When preparing your bug-out bag or survival bag, make sure you also have a trauma first aid kit. This includes items different than the ones in your basic first aid kit:

  • An assortment of regular dressings ranging from 4x4s and 5x9s to ABD
  • Combination of bandage wraps (4″ and 6″ Israeli Bandage, Ace wraps, etc.)
  • Heavy-duty 1″ and 2″ tape
  • Hemostatic dressings of different sizes and purposes (e.g., Quik Clot, Celox)
  • Open chest injury seals in multiple sizes
  • Tourniquets

Gunshot trauma

If you’ve received first aid training, you may already be familiar with the “ABC” concept:

  • Airway
  • Breathing
  • Circulation

But if you’re treating a gunshot wound, you should prioritize circulation.

Stop the bleeding

Apply direct pressure to the wound, elevate the affected area and use a pressure bandage. If you have one in your first aid kit, use an Israeli Emergency Bandage.

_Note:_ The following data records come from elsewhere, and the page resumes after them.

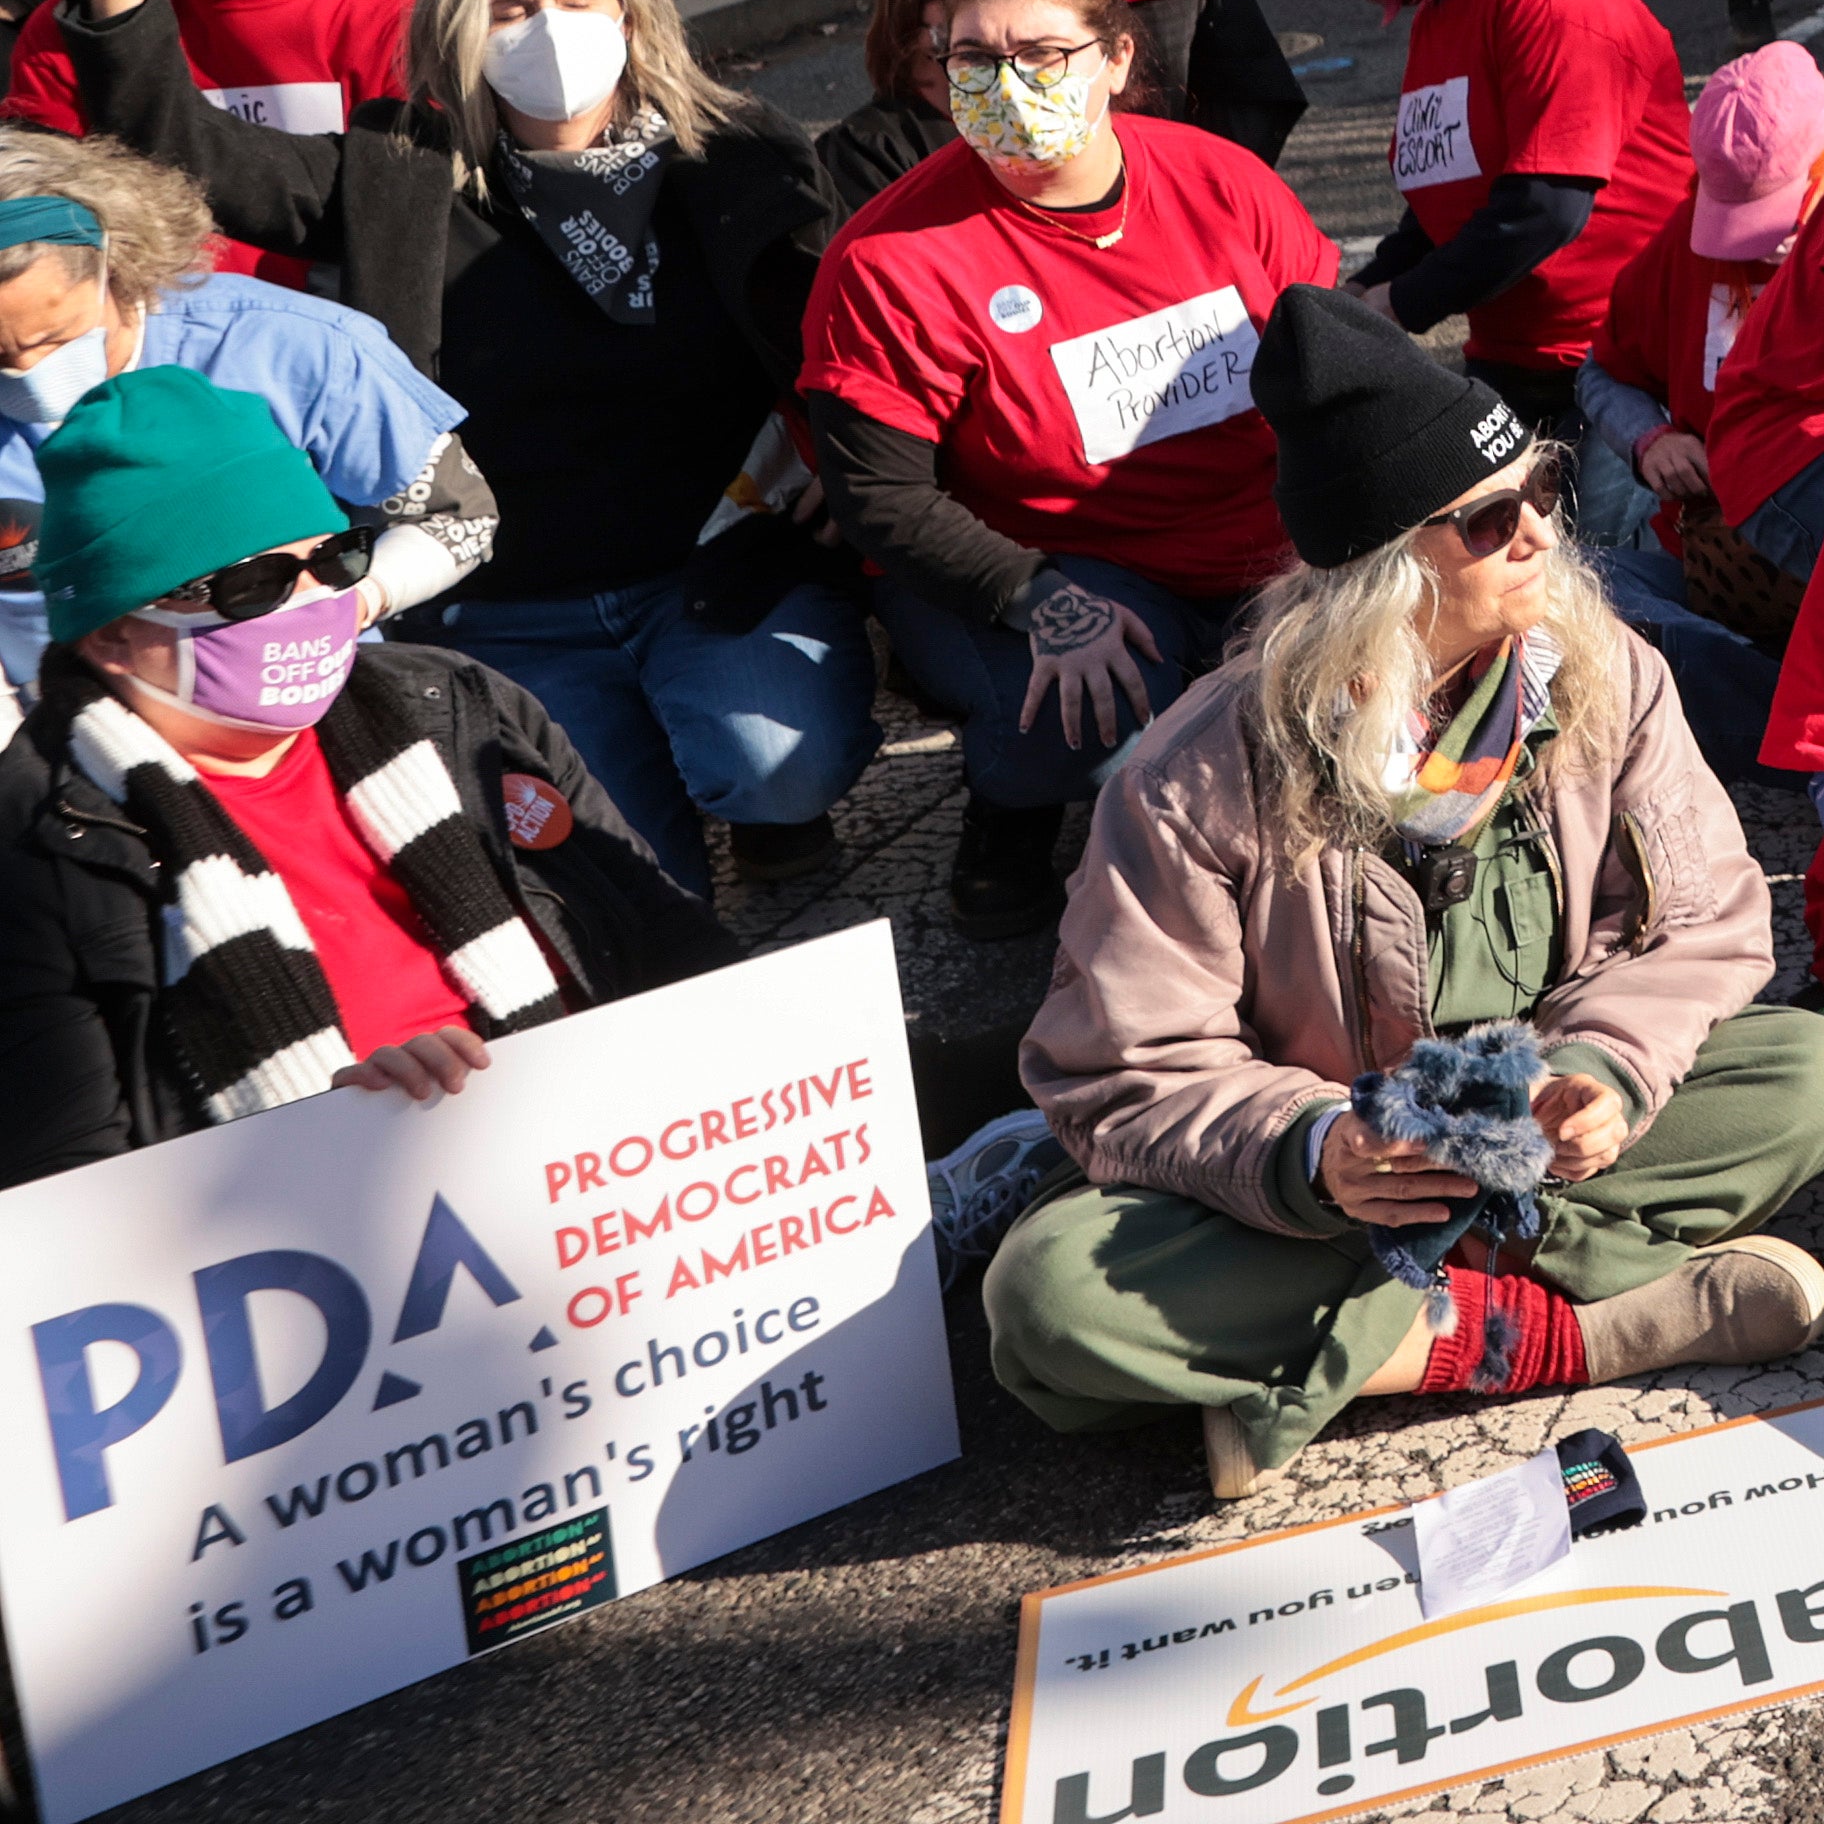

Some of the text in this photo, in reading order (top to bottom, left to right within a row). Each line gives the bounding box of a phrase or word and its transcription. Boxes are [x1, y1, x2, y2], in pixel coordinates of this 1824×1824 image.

[1482, 430, 1515, 464] YOU
[261, 661, 316, 684] OFF
[263, 635, 331, 663] BANS
[544, 1060, 873, 1203] PROGRESSIVE
[555, 1124, 872, 1269] DEMOCRATS
[565, 1185, 896, 1331] OF AMERICA
[30, 1192, 563, 1521] PDA
[192, 1293, 820, 1560] A woman's choice
[191, 1599, 249, 1654] is
[273, 1577, 313, 1620] a
[337, 1445, 655, 1595] woman's
[677, 1368, 828, 1464] right
[1655, 1490, 1736, 1523] you
[1065, 1572, 1424, 1673] en you want it.

If you don’t have one, improvise with a clean towel or bandana. If direct pressure doesn’t control the bleeding, consider applying a hemostatic agent like Quick Clot and you continue to maintain pressure.

 

Address shock

Treat for shock concurrently with the other steps. Keep the patient covered for warmth unless you have to check their wounds.

Examine the entire body for wounds

Do not rely solely on identifying entry and exit wounds since bullets can cause complex injuries.

Examine the patient thoroughly because bullets may hit bones, fragment and travel anywhere within the body. This may be the case if the patient was injured by special bullets designed to inflict multiple injuries. (Related: Prepping must-haves: Medical supplies and first aid kits.) 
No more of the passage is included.